INPUT FOR THIS TASK:

+===+

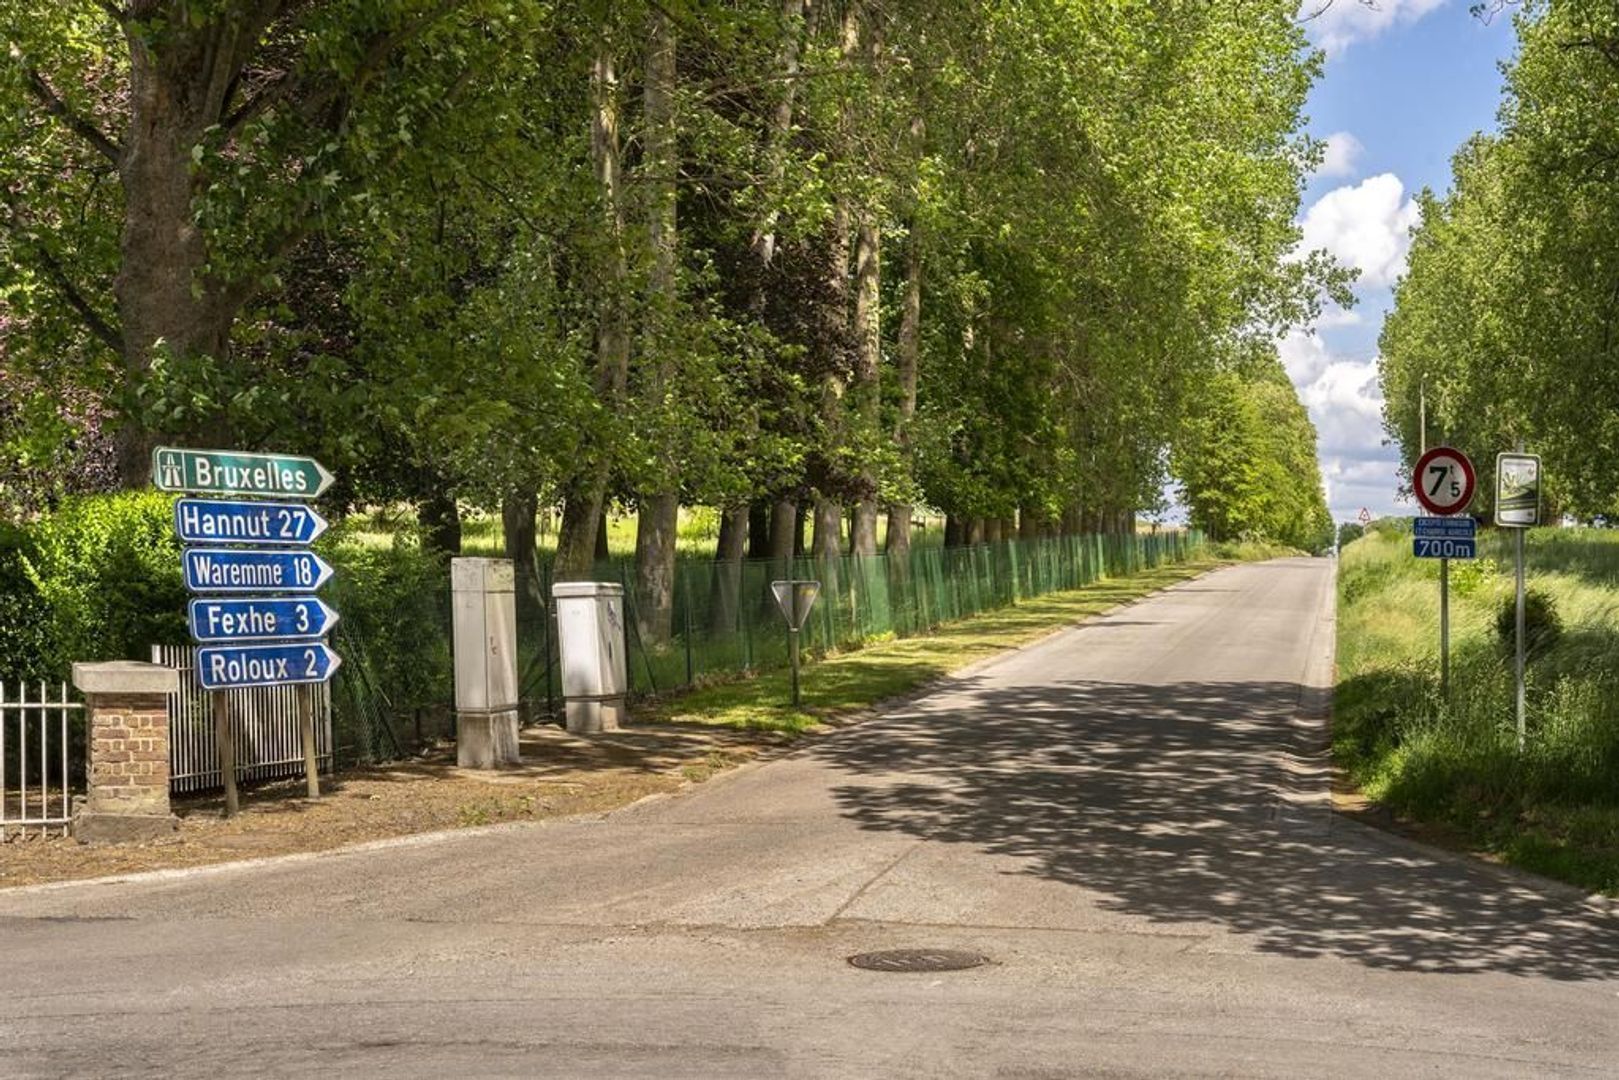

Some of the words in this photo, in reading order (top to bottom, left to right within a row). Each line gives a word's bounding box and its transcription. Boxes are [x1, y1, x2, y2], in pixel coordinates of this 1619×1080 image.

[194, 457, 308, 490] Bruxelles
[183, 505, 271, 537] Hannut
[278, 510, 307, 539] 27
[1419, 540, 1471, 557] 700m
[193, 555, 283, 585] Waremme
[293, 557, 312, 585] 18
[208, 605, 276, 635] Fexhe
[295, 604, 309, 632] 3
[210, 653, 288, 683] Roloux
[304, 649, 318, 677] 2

+===+

PROBLEM TO WORK ON:
Would you copy out the data exactly, leaving every picture out?

SOLVED EXERCISE:
Some of the words in this photo, in reading order (top to bottom, left to right within a row). Each line gives a word's bounding box and its transcription. Boxes are [x1, y1, x2, y2], in pixel coordinates of this 1619×1080 image.

[194, 457, 308, 490] Bruxelles
[183, 505, 271, 537] Hannut
[278, 510, 307, 539] 27
[1419, 540, 1471, 557] 700m
[193, 555, 283, 585] Waremme
[293, 557, 312, 585] 18
[208, 605, 276, 635] Fexhe
[295, 604, 309, 632] 3
[210, 653, 288, 683] Roloux
[304, 649, 318, 677] 2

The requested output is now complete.